(Dataset excerpts)
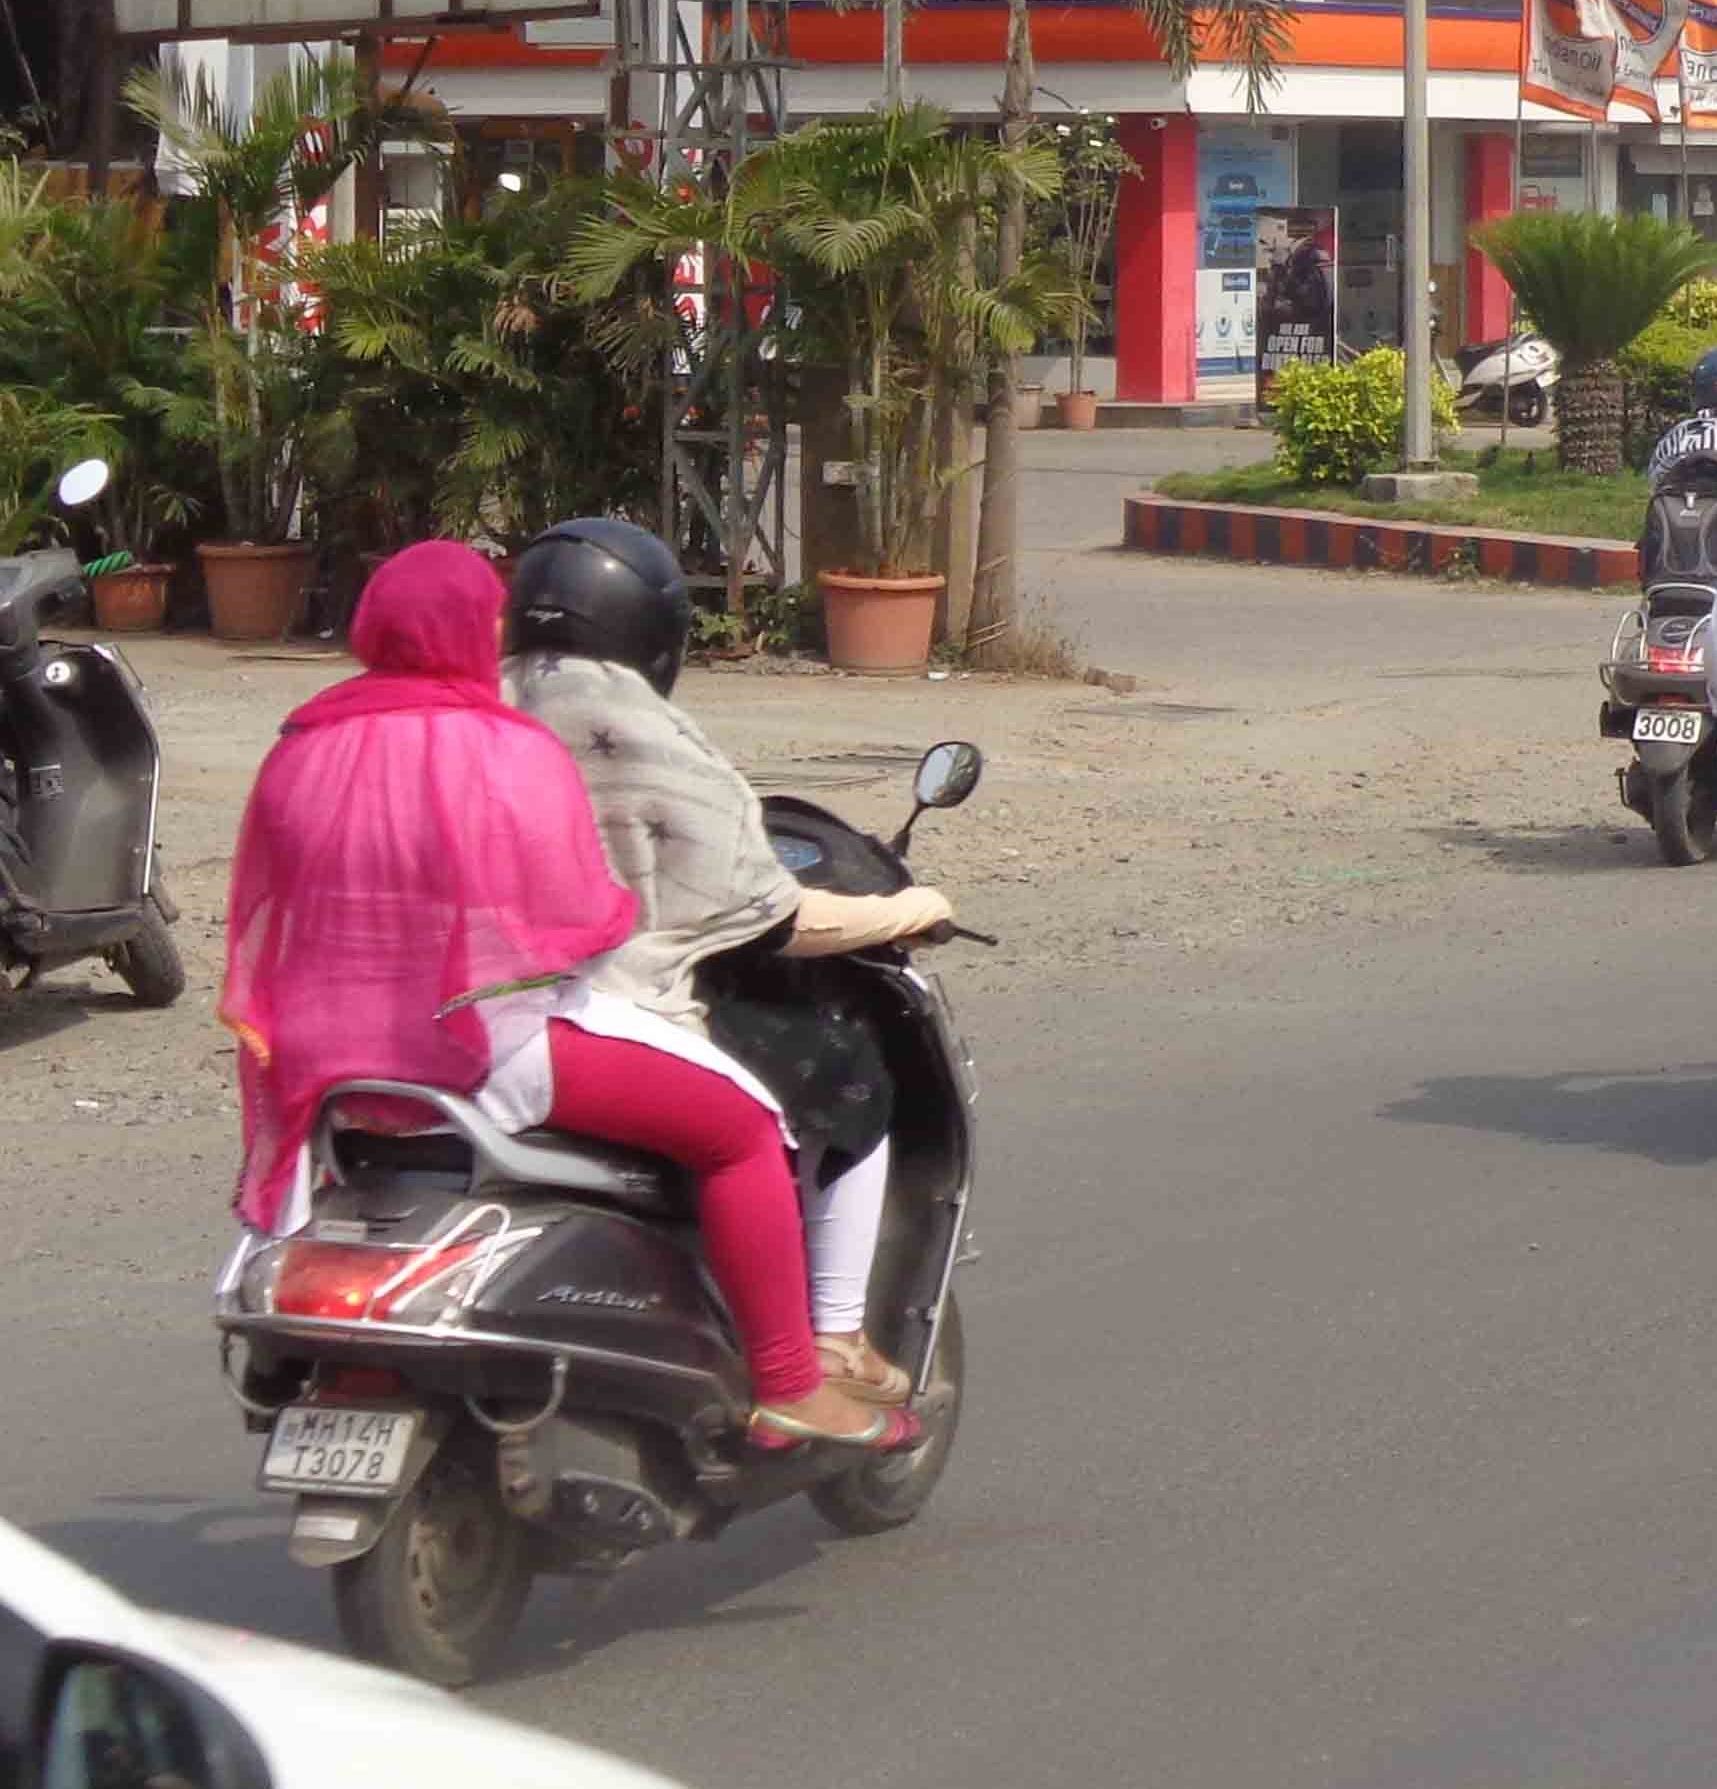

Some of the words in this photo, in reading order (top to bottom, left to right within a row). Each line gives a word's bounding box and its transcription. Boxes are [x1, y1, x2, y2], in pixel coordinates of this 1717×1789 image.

[1266, 336, 1297, 353] OPEN
[1299, 336, 1325, 353] FOR
[1638, 715, 1696, 740] 3008
[298, 1411, 396, 1446] MH14H
[292, 1445, 386, 1480] T3078
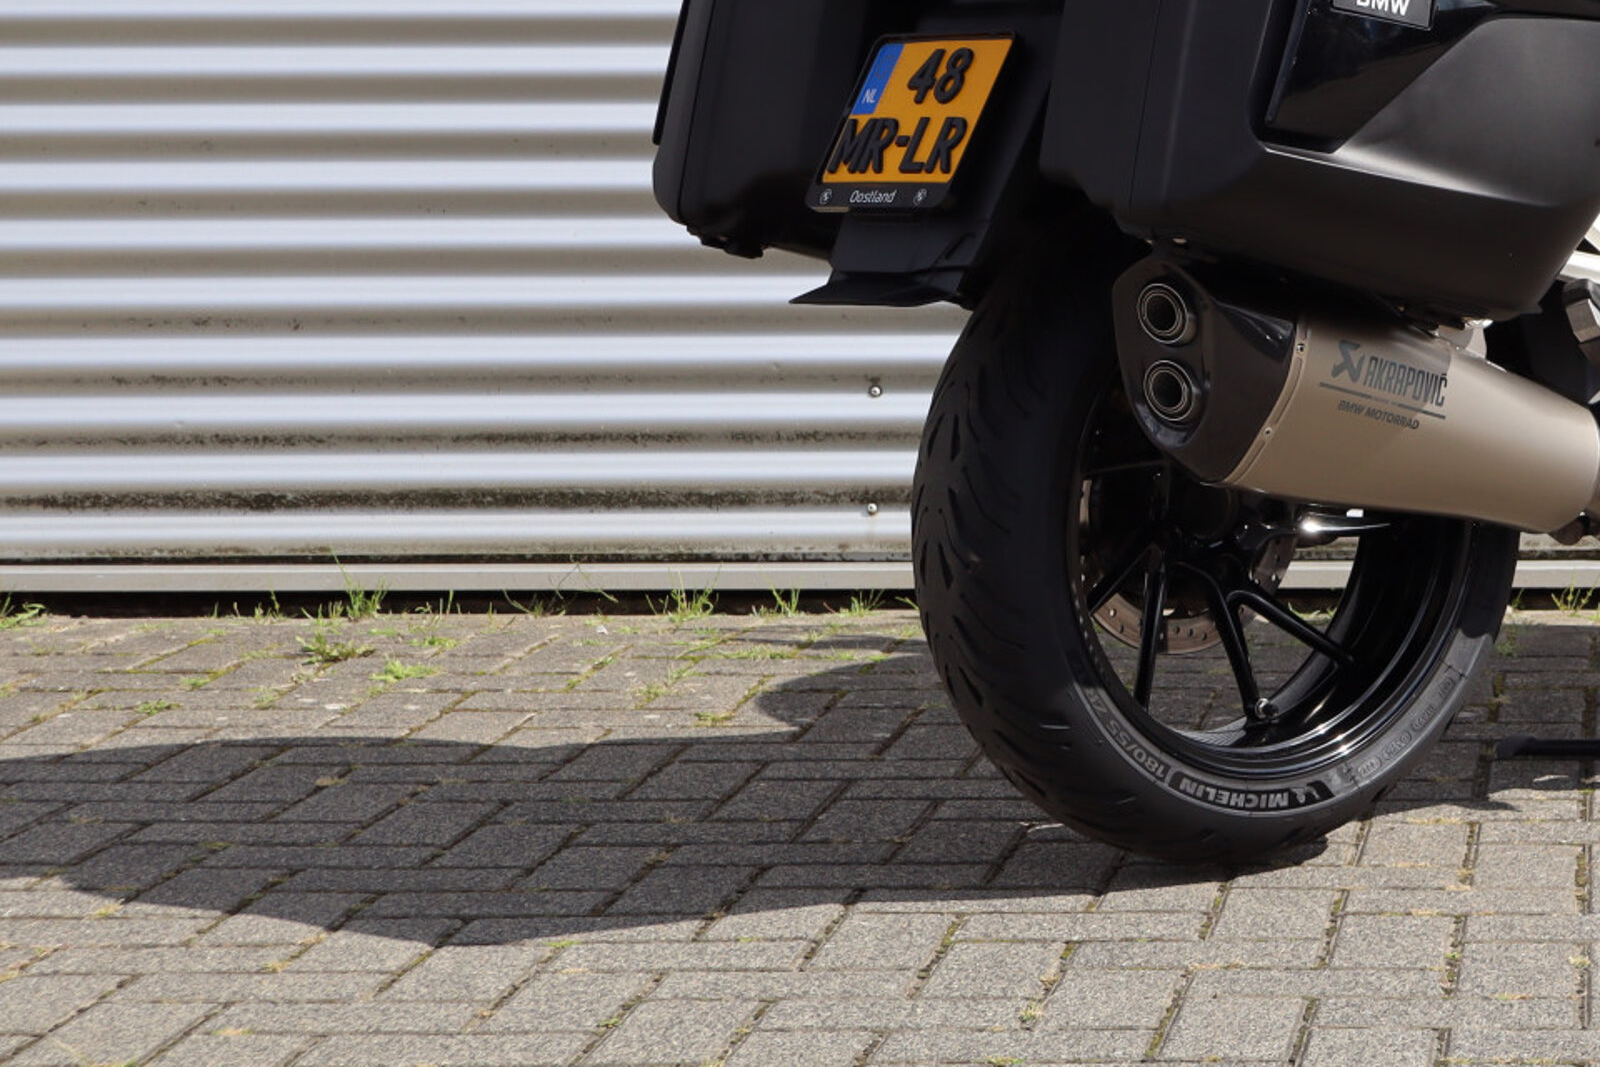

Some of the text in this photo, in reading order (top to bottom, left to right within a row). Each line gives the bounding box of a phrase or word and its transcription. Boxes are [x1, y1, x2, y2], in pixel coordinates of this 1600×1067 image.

[907, 47, 974, 104] 48
[861, 88, 878, 104] NL
[827, 116, 968, 174] MR-LR
[850, 190, 897, 203] Oostland
[1337, 399, 1420, 430] BMW MOTORRAD
[1105, 719, 1166, 779] 180/55
[1179, 777, 1289, 809] MICHELIN
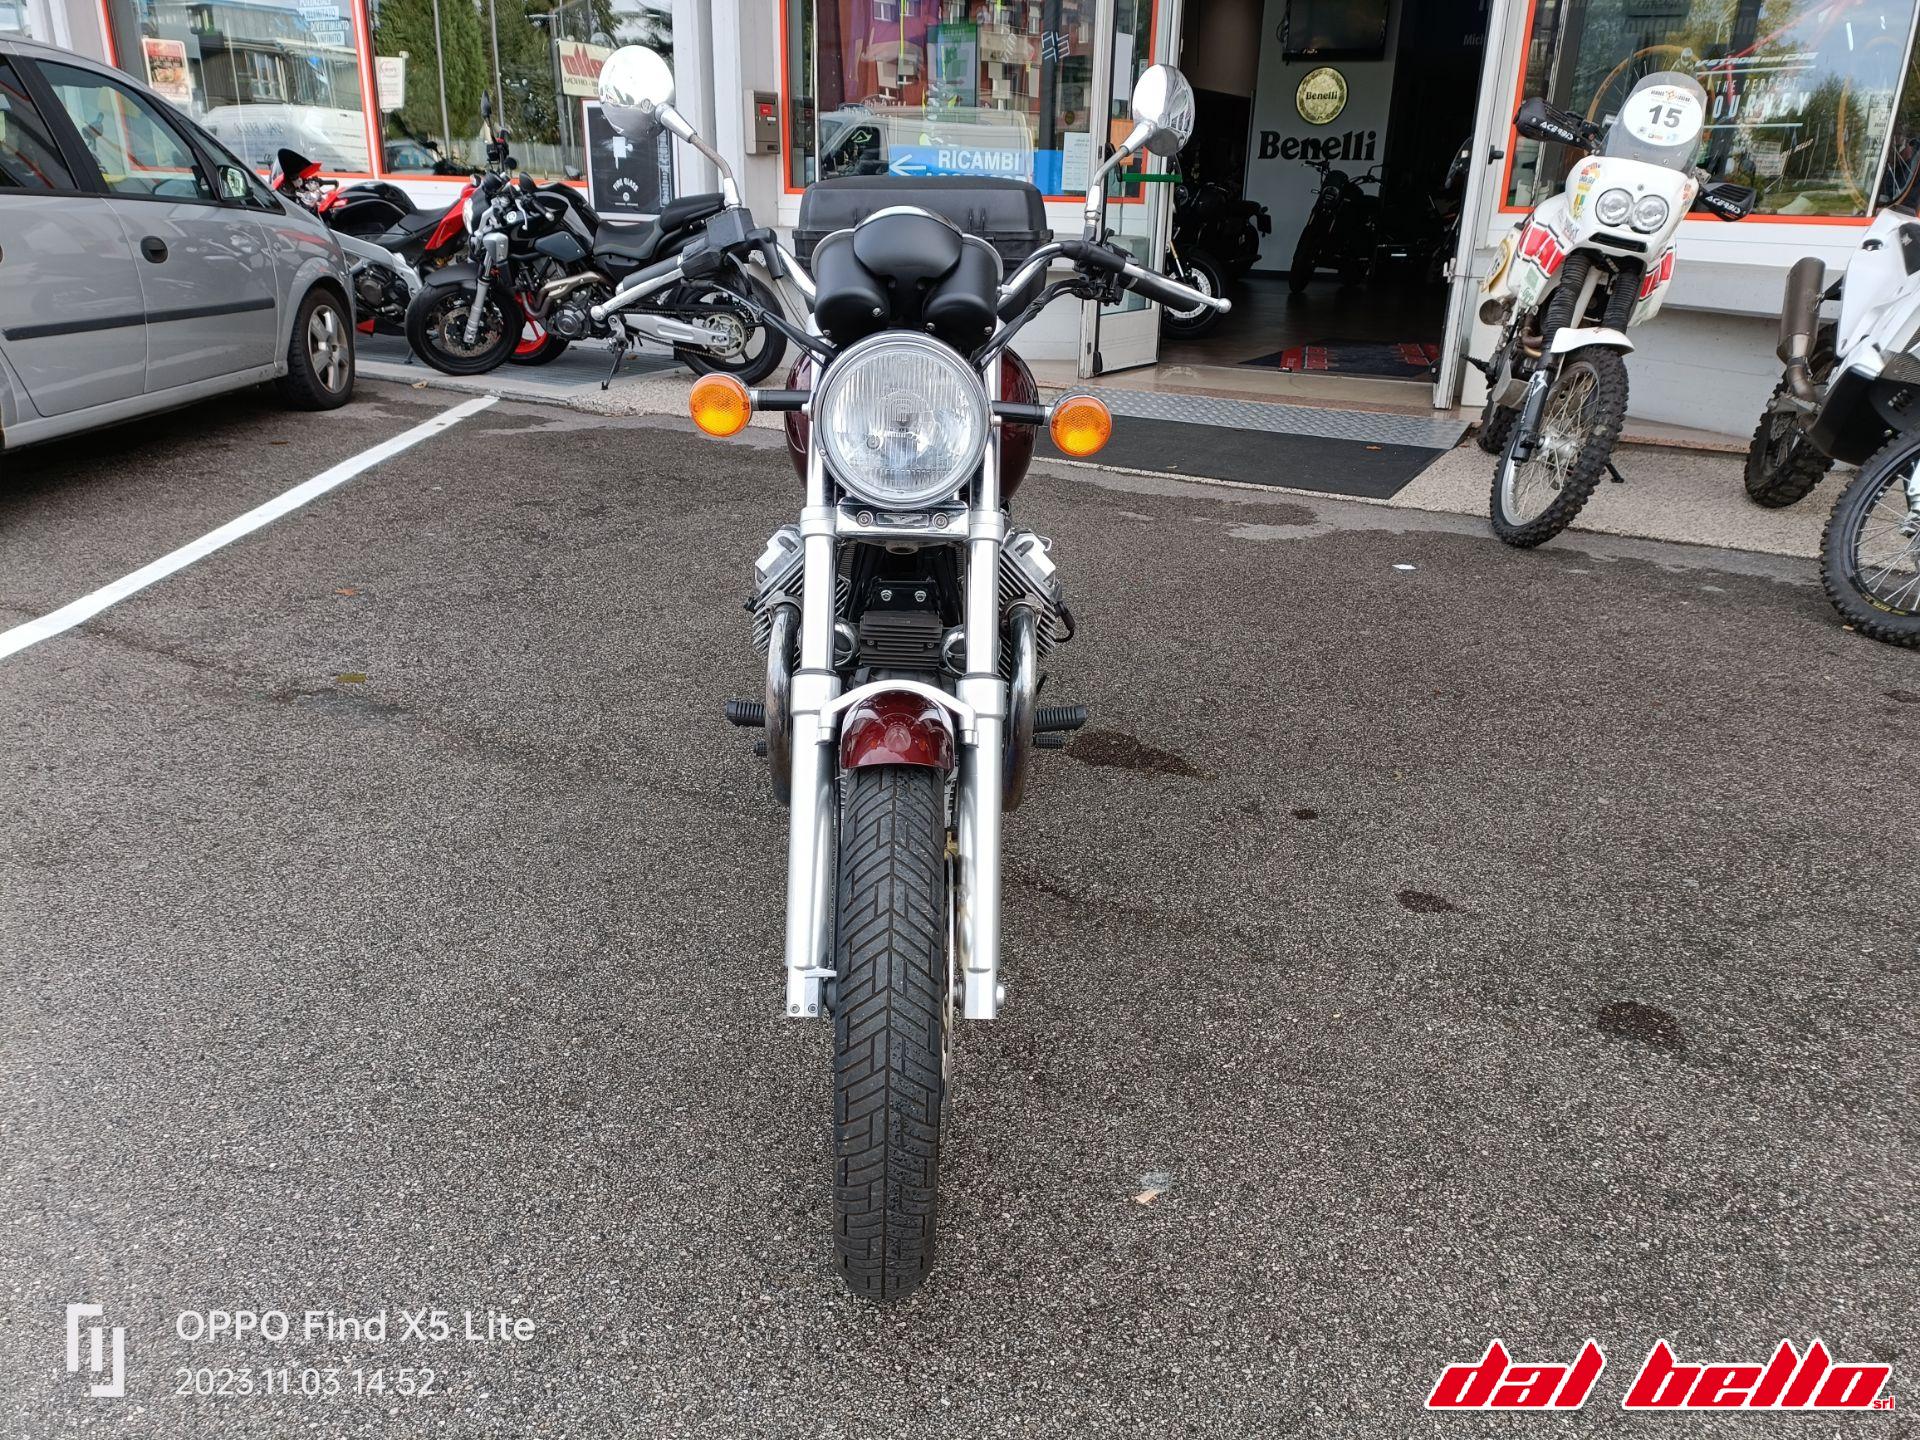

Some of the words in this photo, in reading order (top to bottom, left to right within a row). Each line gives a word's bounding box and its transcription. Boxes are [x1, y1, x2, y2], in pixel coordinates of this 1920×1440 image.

[1306, 91, 1338, 100] Benelli
[1716, 79, 1738, 93] THE
[1744, 77, 1799, 92] PERFECT
[1649, 104, 1683, 128] 15
[1713, 92, 1811, 119] OURNEY
[1540, 121, 1574, 141] ACERBIS
[1258, 130, 1377, 161] Benelli
[938, 149, 1020, 171] RICAMBI
[1705, 195, 1741, 214] ACERBIS
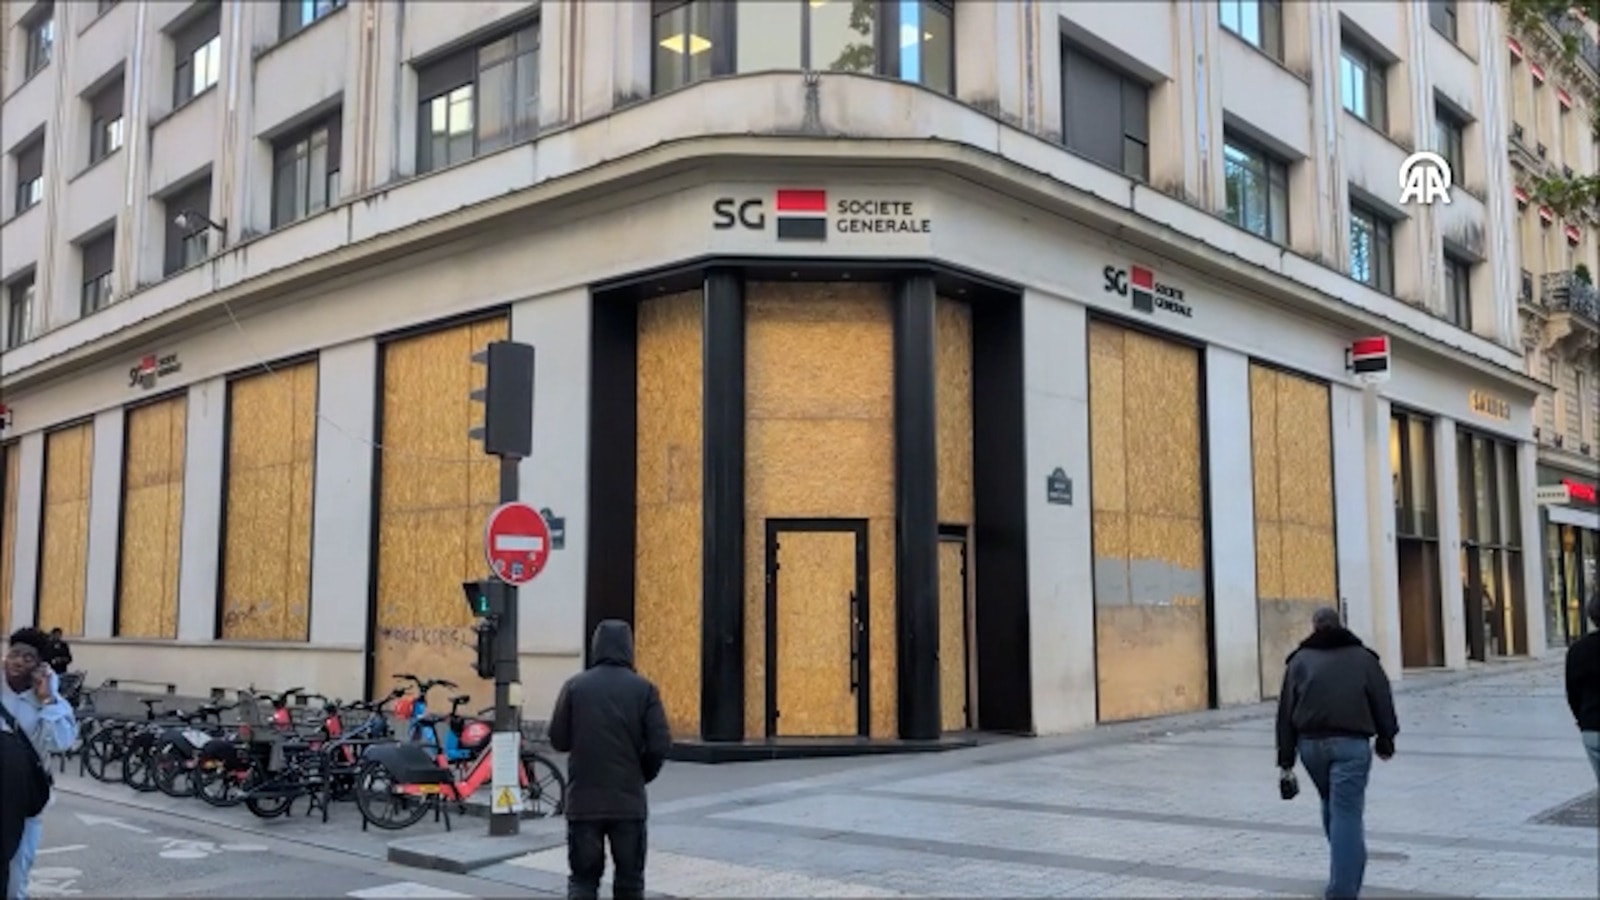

Work to complete
Please retype every entry above exactly, leaving out any picture.

Completed exercise
Some of the words in this photo, in reading order (top to bottom, left to right within a row). Each line gives a word's bounding box and its transcription. Boxes are [x1, y1, x2, y2], in pixel coordinates of this 1717×1789 image.

[1266, 336, 1297, 353] OPEN
[1299, 336, 1325, 353] FOR
[1638, 715, 1696, 740] 3008
[298, 1411, 396, 1446] MH14H
[292, 1445, 386, 1480] T3078

Some of the text in this photo, in reading order (top to bottom, left to right within a row). Each line gives the bounding box of a phrase or word and its transcription. Boxes are [x1, y1, x2, y2], in pixel coordinates of this 1600×1067 image.

[907, 47, 974, 104] 48
[861, 88, 878, 104] NL
[827, 116, 968, 174] MR-LR
[850, 190, 897, 203] Oostland
[1337, 399, 1420, 430] BMW MOTORRAD
[1105, 719, 1166, 779] 180/55
[1179, 777, 1289, 809] MICHELIN

Some of the words in this photo, in reading order (top to bottom, left to right within a row). Each line gives a word's bounding box and its transcription. Boxes are [x1, y1, x2, y2], in pixel coordinates of this 1920×1440 image.

[1306, 91, 1338, 100] Benelli
[1716, 79, 1738, 93] THE
[1744, 77, 1799, 92] PERFECT
[1649, 104, 1683, 128] 15
[1713, 92, 1811, 119] OURNEY
[1540, 121, 1574, 141] ACERBIS
[1258, 130, 1377, 161] Benelli
[938, 149, 1020, 171] RICAMBI
[1705, 195, 1741, 214] ACERBIS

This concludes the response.